1.) "Getting multiple buyers to bid on my stock will get the best price."
In theory this works well, as there are many different types of buyers out there and they will most definitely have conflicting information regarding converters. The conflict is present because each buyer will be selling the converters to different companies who in turn educate the buyers on the value of the material differently. Prices will vary further depending on how many times the converters change hands on their way to being processed and refined.
There are other factors to consider here as well. Has the buyer that won the bid inflated his pricing so he will not have to bid the next time? Is the mix of converters similar each month? (Bear in mind that it is next to impossible to make two identical loads of converters, because no converter lives the same life.) Are the core buyers in your area colluding to swap the winning bid back and forth every other load? How many serial numbers can each buyer actually see on your converters? What percentage of the load is being purchased by grade rather than number?

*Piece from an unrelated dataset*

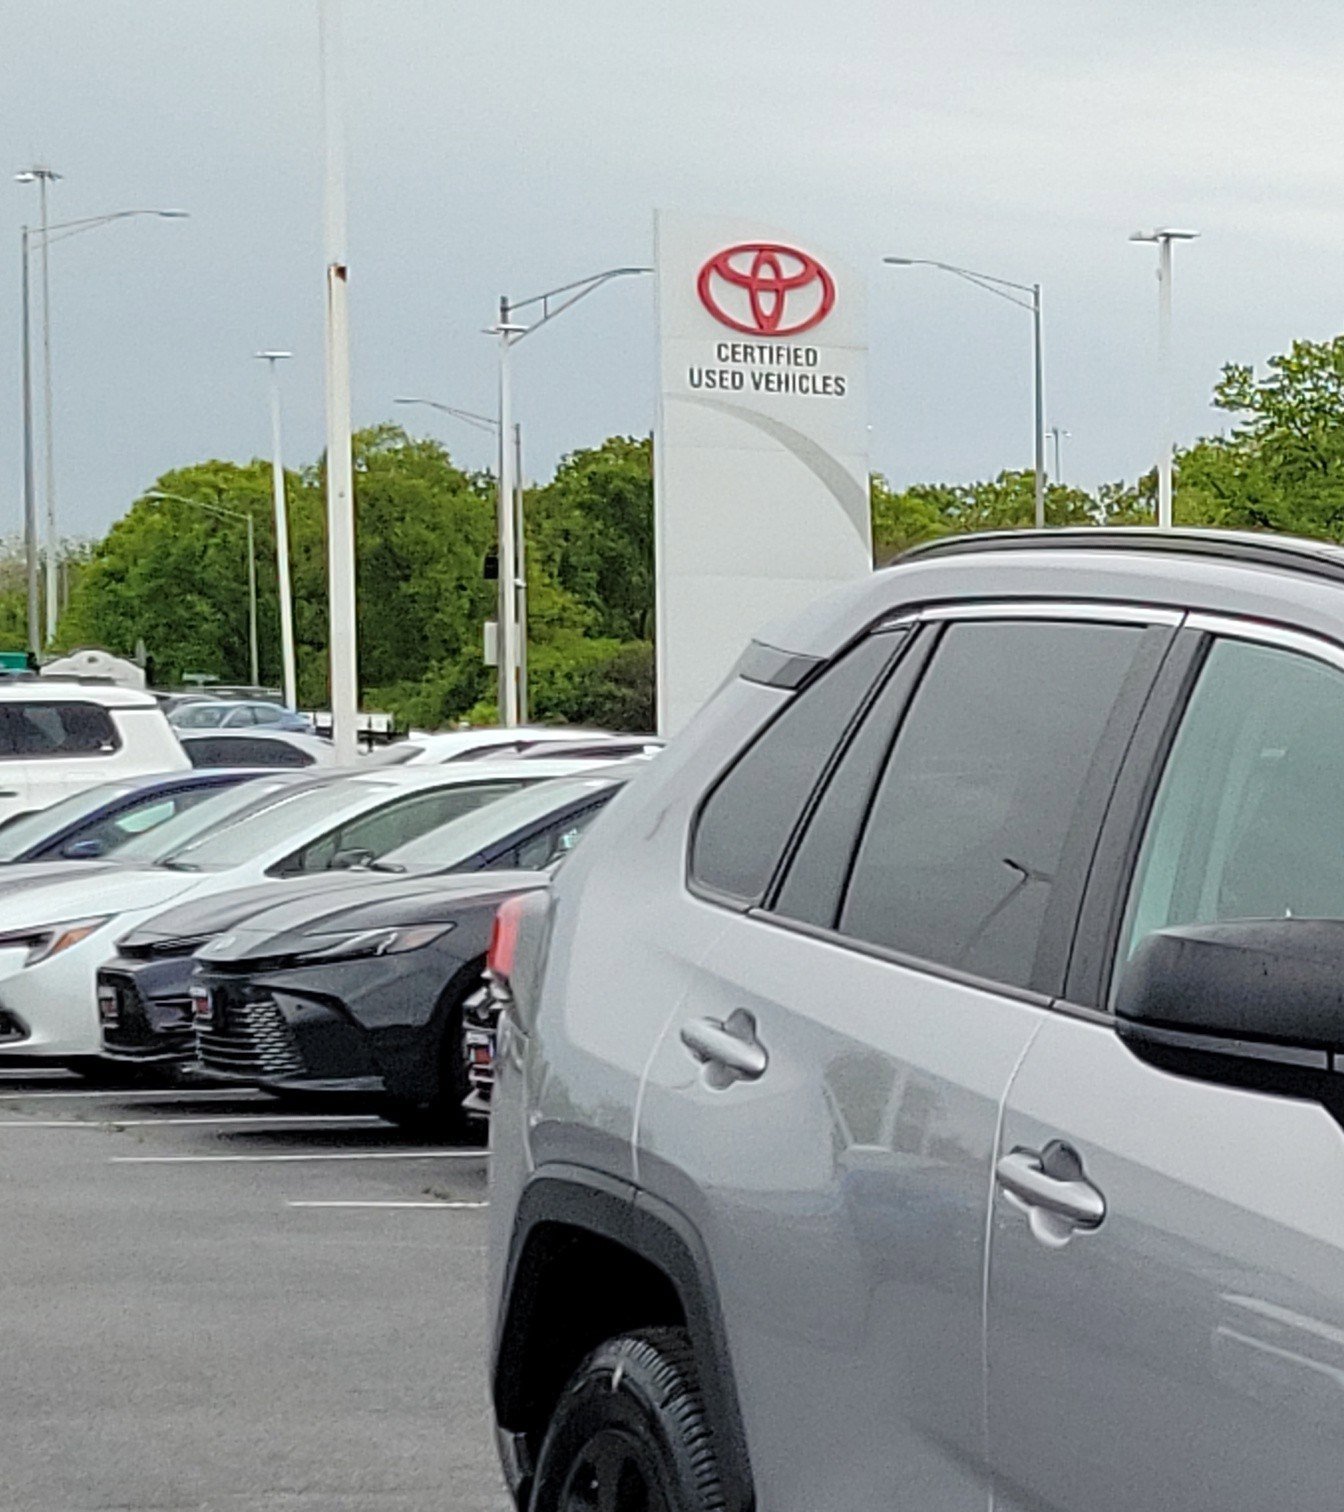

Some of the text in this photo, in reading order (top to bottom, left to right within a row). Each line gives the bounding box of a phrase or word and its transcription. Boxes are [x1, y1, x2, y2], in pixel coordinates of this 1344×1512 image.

There's a lot to consider here, and the answers to these questions must keep many scrapyard owners and managers up at night. Truth be told, unless you are already dealing with a converter processor/refinery, the core buyer at your doorstep is going to sell the material up the chain and each hand will take a portion of the profit. There is nothing unusual about this, as core buyers are trying to make a living and survive while also (for the most part) trying to give you the best price for your converters.
In the end, the bidding war idea looks like it should be more profitable, but ultimately if converters are going to change hands, there is still money being left on the table that yard owners are missing out on.
It should be noted however, that there have been situations where yard owners and managers have received more money from core buyers for some of their converters than what they are actually worth after being refined and processed. Buyers will either overpay due to inaccurate pricing information or as a strategy to win a bid. Needless to say, these core buyers/companies have either gone out of business or will eventually no longer be able to sustain themselves before going under. Buyers will not be able to continuously overpay for material and sustain their operations - the two cannot coincide.
2.) "Selling by number gets more dollars."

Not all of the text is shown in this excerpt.